**About this task**
The whole listing that follows, pictures excepted, should be printed again exactly as given.
--- START ---
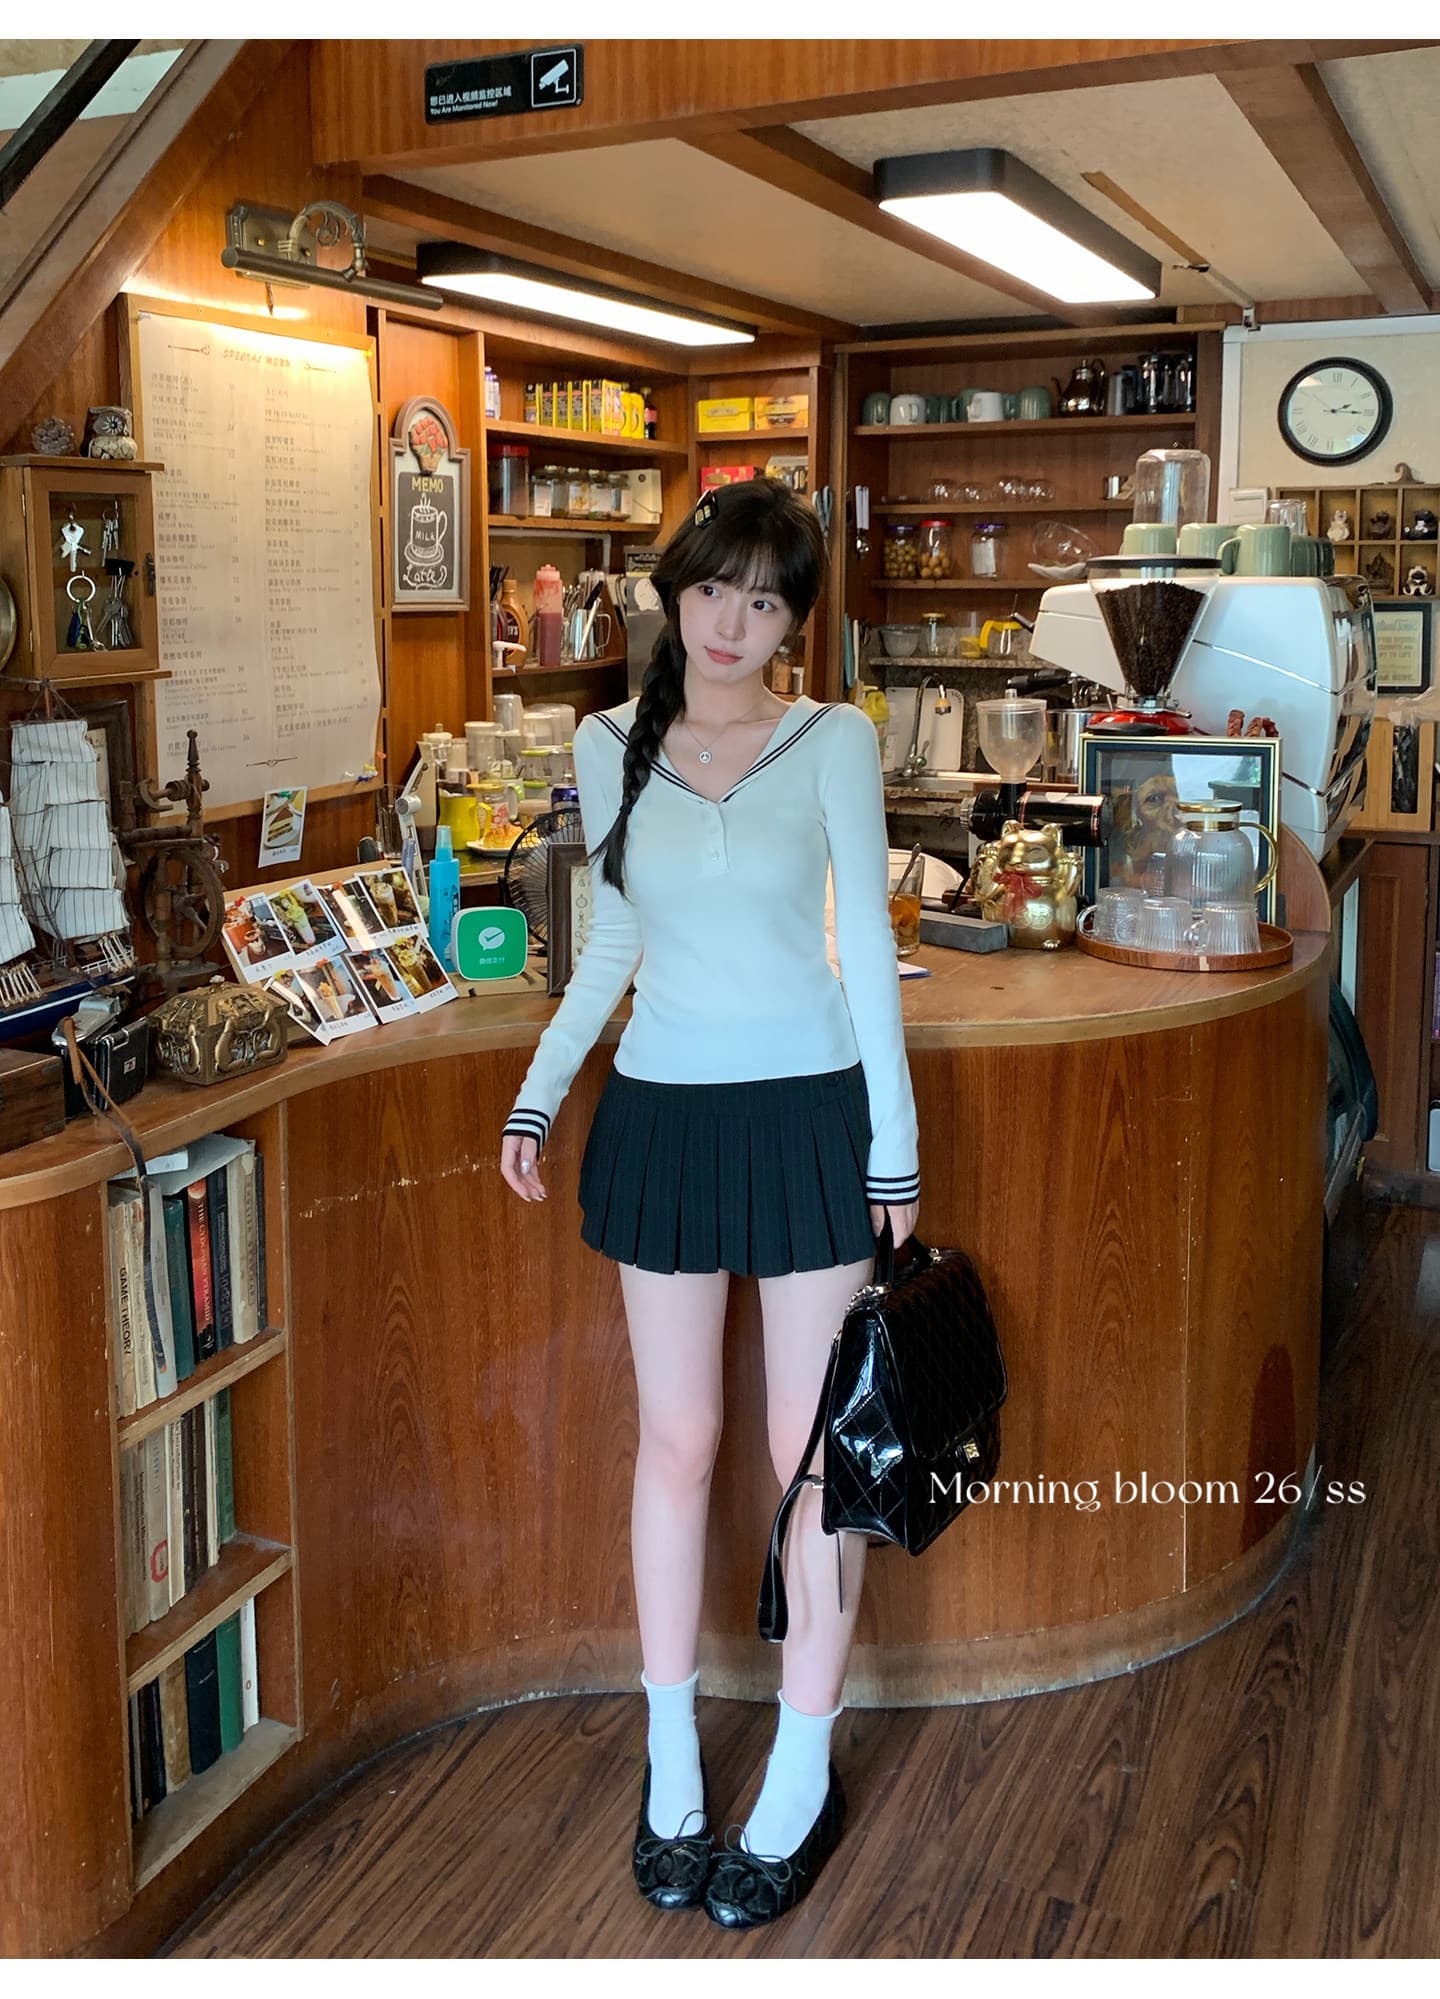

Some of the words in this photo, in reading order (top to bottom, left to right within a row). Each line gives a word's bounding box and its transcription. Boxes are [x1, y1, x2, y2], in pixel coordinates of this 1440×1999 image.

[430, 85, 512, 107] 您已进入视频监控区域
[453, 102, 482, 111] Monitored
[411, 477, 444, 493] MEMO
[415, 530, 436, 541] MILK
[479, 957, 505, 965] 微信支付
[119, 1267, 128, 1305] GAME
[203, 1276, 211, 1321] PYRAMID
[121, 1307, 132, 1354] THEORY
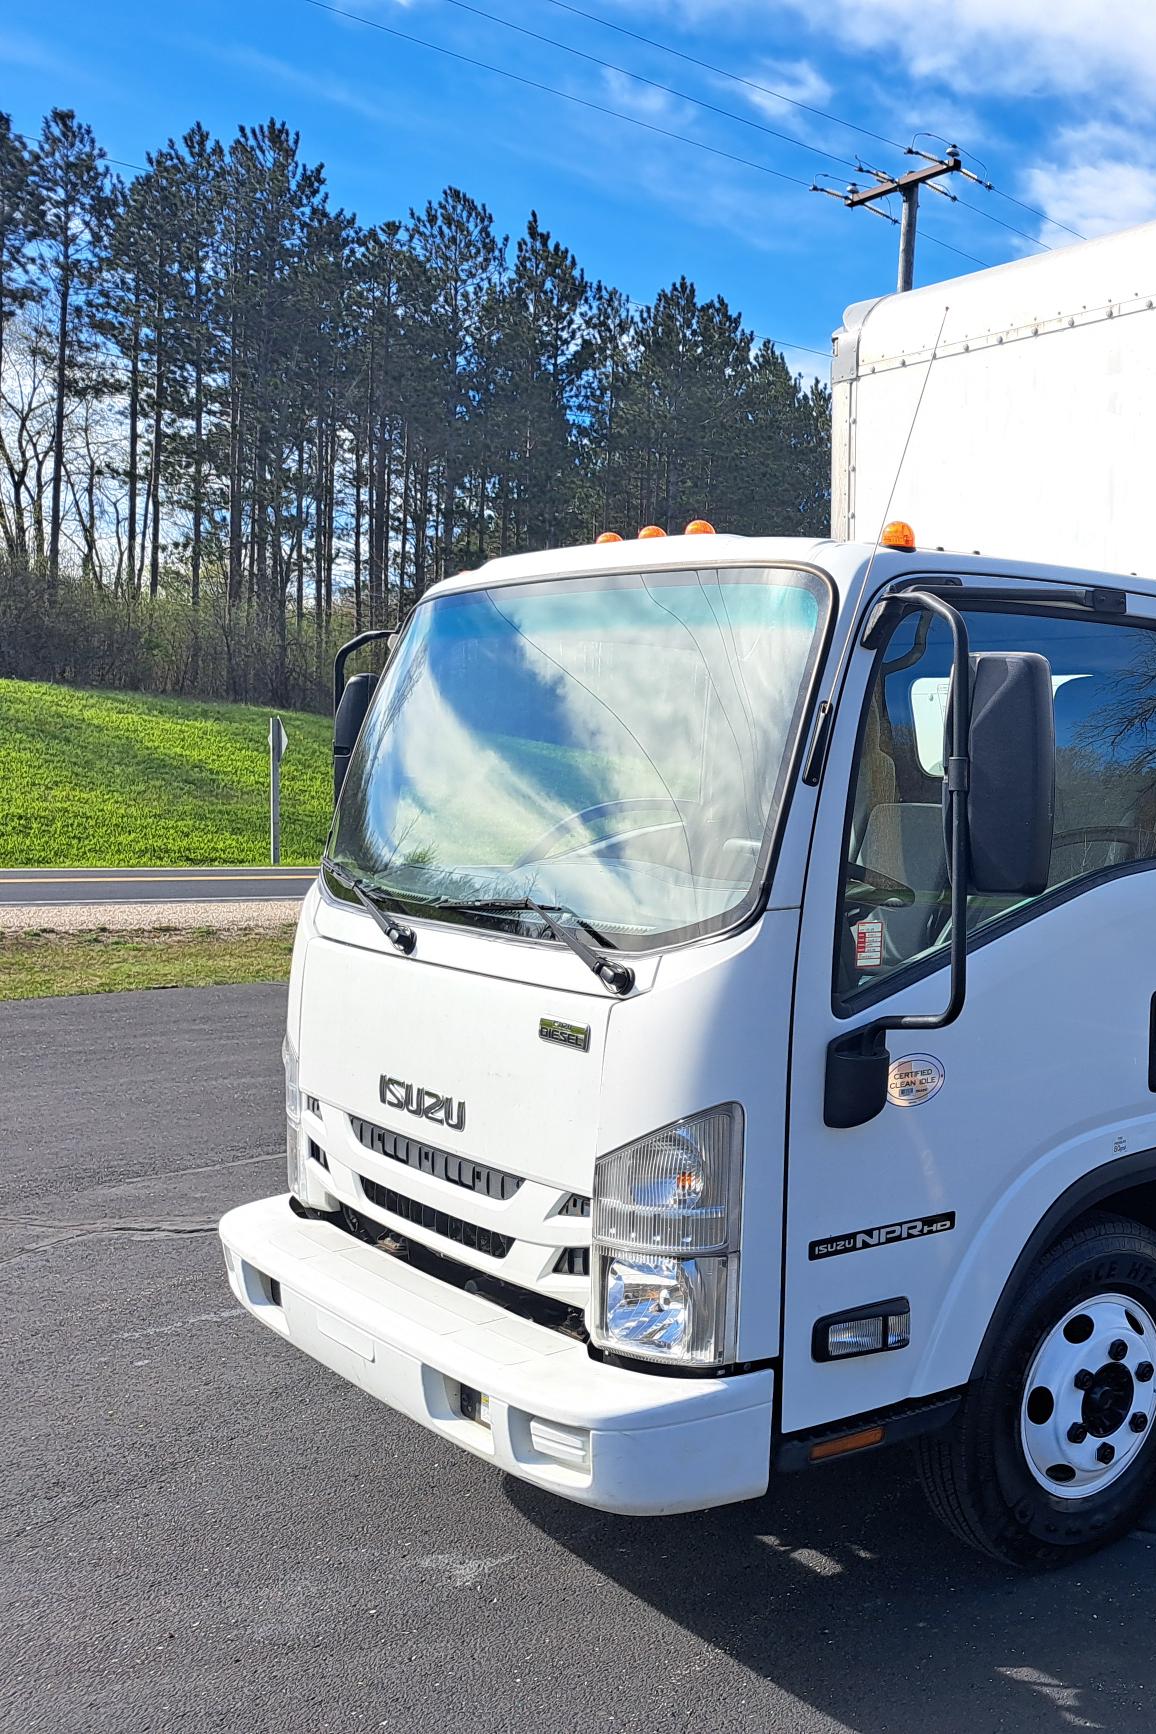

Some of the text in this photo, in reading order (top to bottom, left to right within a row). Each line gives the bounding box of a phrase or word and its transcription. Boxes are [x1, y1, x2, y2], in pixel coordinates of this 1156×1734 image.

[540, 1027, 583, 1047] DIESEL
[894, 1068, 933, 1080] CERTIFIED
[889, 1076, 936, 1090] CLEAN IDLE
[379, 1072, 466, 1133] ISUZU
[814, 1238, 854, 1255] ISUZU
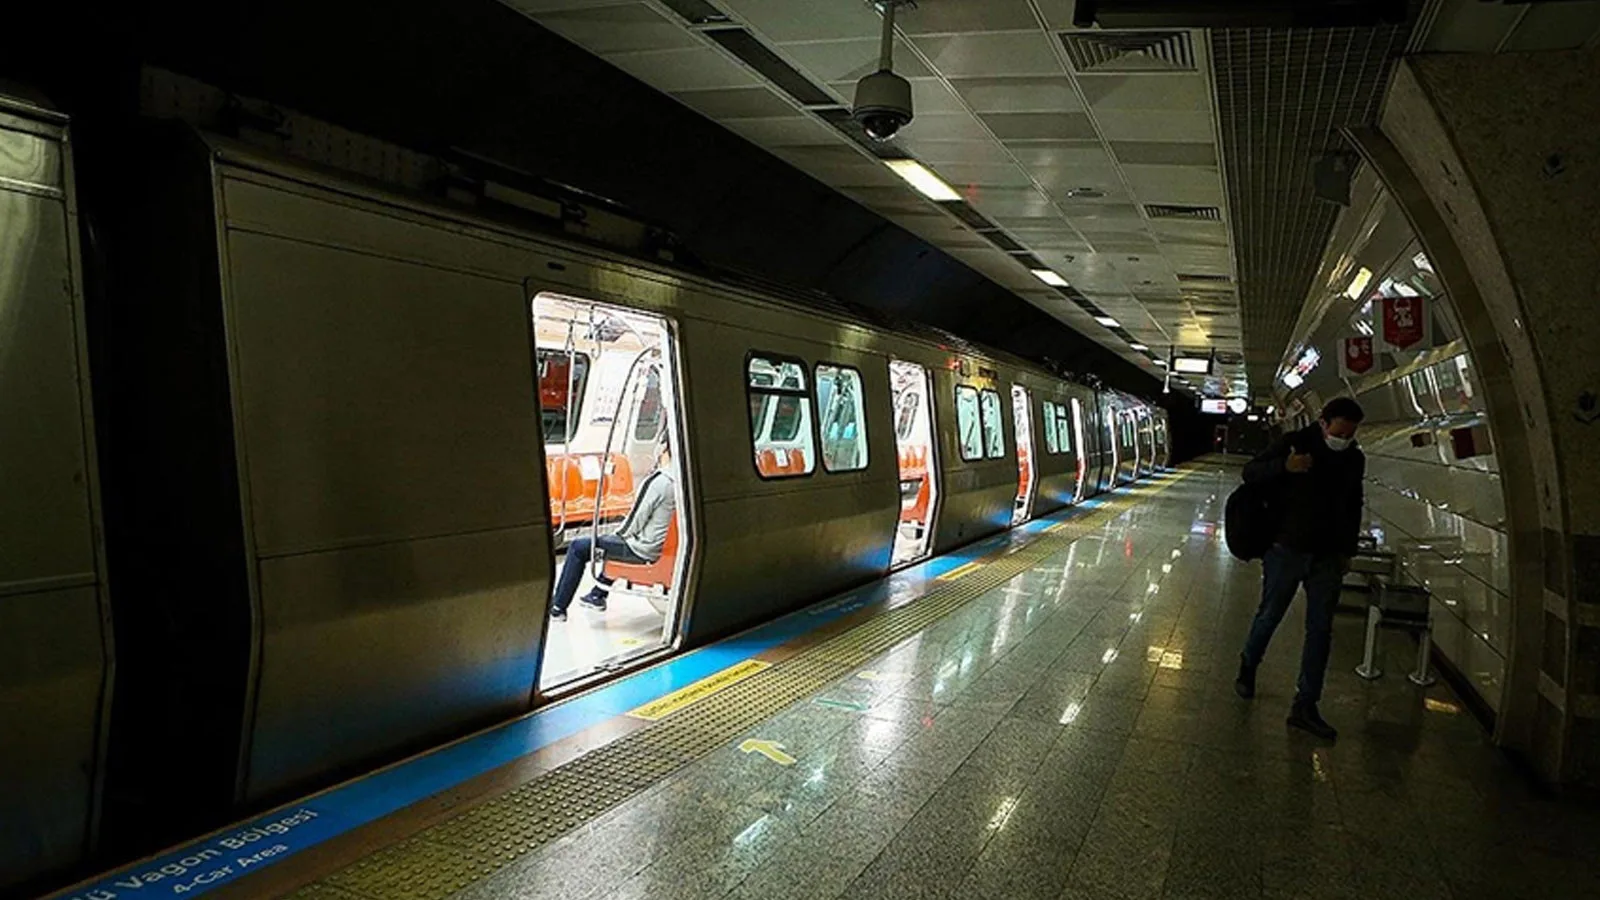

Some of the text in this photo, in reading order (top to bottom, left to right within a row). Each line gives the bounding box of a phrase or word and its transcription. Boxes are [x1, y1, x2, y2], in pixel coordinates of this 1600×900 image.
--- END ---
**Answer area**
Some of the words in this photo, in reading order (top to bottom, left to right within a row). Each line gives a word's bounding box and its transcription. Boxes are [x1, y1, x2, y2], in pixel coordinates of this 1440×1999 image.

[430, 85, 512, 107] 您已进入视频监控区域
[453, 102, 482, 111] Monitored
[411, 477, 444, 493] MEMO
[415, 530, 436, 541] MILK
[479, 957, 505, 965] 微信支付
[119, 1267, 128, 1305] GAME
[203, 1276, 211, 1321] PYRAMID
[121, 1307, 132, 1354] THEORY

Some of the text in this photo, in reading order (top to bottom, left to right within a row). Each line gives the bounding box of a phrase or word and its transcription. Boxes are [x1, y1, x2, y2], in pixel coordinates of this 1156×1734 image.

[540, 1027, 583, 1047] DIESEL
[894, 1068, 933, 1080] CERTIFIED
[889, 1076, 936, 1090] CLEAN IDLE
[379, 1072, 466, 1133] ISUZU
[814, 1238, 854, 1255] ISUZU

Some of the text in this photo, in reading order (top to bottom, left to right within a row). Each line gives the bounding box of a phrase or word and its transcription. Boxes are [x1, y1, x2, y2], in pixel coordinates of this 1600×900 image.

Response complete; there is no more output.